The Making of the Remaking of Edward M. Kennedy


THE MAN OF THE FUTURE

A week after the tax battle, hundreds of Kennedy contributors—the “maximizers” who’d given the legal limit of $2,000 per couple to the senator and $5,000 to his Fund for a Democratic Majority, and the smaller fishes, who’d anted up $500 per couple—were brought to the compound. The maximizers would stay at nearby hotels for a private breakfast meeting. All would join with family members for a picture-perfect afternoon clambake.
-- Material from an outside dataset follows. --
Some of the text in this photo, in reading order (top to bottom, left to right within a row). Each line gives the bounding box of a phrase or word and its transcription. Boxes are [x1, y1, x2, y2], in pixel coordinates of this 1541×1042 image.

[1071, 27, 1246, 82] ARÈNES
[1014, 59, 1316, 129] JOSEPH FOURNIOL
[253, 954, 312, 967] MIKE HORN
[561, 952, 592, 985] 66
And mother Rose, for the third time in two weeks, would be hailed with “Happy Birthday.”   

Under a long yellow-and-white-striped tent, serenaded by a dixieland band in the shade of the late Ambassador Joe Kennedy’s porch, on the lawn where Joe’s sons and daughters, their girlfriends and boyfriends used to rough one another up in their touch-football games, the givers are given lobster, clams, corn, as much booze as they can stomach, and the chance to chit-chat with Ted Kennedy as he moves among them gingerly, his sport shirt open, exposing the thick-tufted white hair covering his chest. He walks stooped forward, his injured back not allowing him to stand quite erect. “Have you been on the boat yet?” he asks, pointing across the dunes to the leased excursion boat brought over for the afternoon. “Have you eaten yet?” he inquires, pointing to the tables laden with food. He doesn’t eat, nor does he drink.   

Eventually, his mother comes out on the porch. Steadied by her son, she waves and thanks the group for coming. She asks him if everyone had something to eat. He jokes to the group, “Whenever mother sees me, she tells me to get a haircut. Or she corrects my grammar. In 1980, she told me to lose 10 pounds, and I went up 10 points. Then she told me to cut my hair, and I went up another 10 points. Then I thought I could do it on my own.”   
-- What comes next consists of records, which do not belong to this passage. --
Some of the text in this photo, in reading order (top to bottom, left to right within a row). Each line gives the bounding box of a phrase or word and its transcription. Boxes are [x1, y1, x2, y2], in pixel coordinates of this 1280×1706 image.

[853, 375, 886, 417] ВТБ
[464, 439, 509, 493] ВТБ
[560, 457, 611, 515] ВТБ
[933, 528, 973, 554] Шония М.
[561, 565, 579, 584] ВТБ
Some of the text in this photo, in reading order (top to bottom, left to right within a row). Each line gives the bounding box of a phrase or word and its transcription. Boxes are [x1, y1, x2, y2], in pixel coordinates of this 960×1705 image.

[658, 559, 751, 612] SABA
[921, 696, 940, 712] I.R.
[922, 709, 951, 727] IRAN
The crowd laughs gaily, giddy with anticipation of Ted Kennedy’s latest next start. Not a cloud mars the blue sky. In the distance, a small plane approaches, towing a banner. Circling the compound, the plane’s message becomes visible. “$10,000,” it reads, “FOR DEBATE…RAY SHAMIE.”   

There is laughter, and on one corner of the lawn a volleyball game begins. Eventually the bar closes, and the yellow school buses hired for the affair bring the clambakers back to the parking lot at Dunfey’s. In the front seat of the last departing bus, an intoxicated maximizer attempts to address the other passengers. “All right, class,” he slurs, “it’s time for the ‘Pledge of Allegiance.'” His date tries to quiet him. He shrugs her off. “Let’s take roll call,” he mumbles, then seems to recall where he is.   

“Seriously, friends,” he says, weaving, “I come from North Carolina. You know who we got for senators? Jesse Helms and John East.” A broad smile crosses his face as the bus lurches to a stop at the hotel.    

“Ah just want to thank you for giving us Ted Kennedy.”

Back in Washington, immersed again in Senate business, Ted Kennedy can’t shake the notion that he might have made a more compelling argument—weeks earlier—in his Harvard debate with Senator Gordon Humphrey. Humphrey had suggested a freeze would not only undercut the psychological threat of a nuclear attack, but might also turn the military establishment against the government.   

“When Humphrey raised the issue of the reaction of the Joint Chiefs of Staff to a freeze,” Kennedy says, “I should have said something like, ‘What’s General Jones going to do? After 30 years in the military, is he going to throw it in?'”   

These are minor setbacks, Kennedy is saying; battles, not wars. In a career of public service, where politics can change from week to week, where Ronald Reagan, for god’s sake, can propose a tax increase and where Ted Kennedy can support it, in this world, a defeat is not the end.  

It can be the start of a new beginning.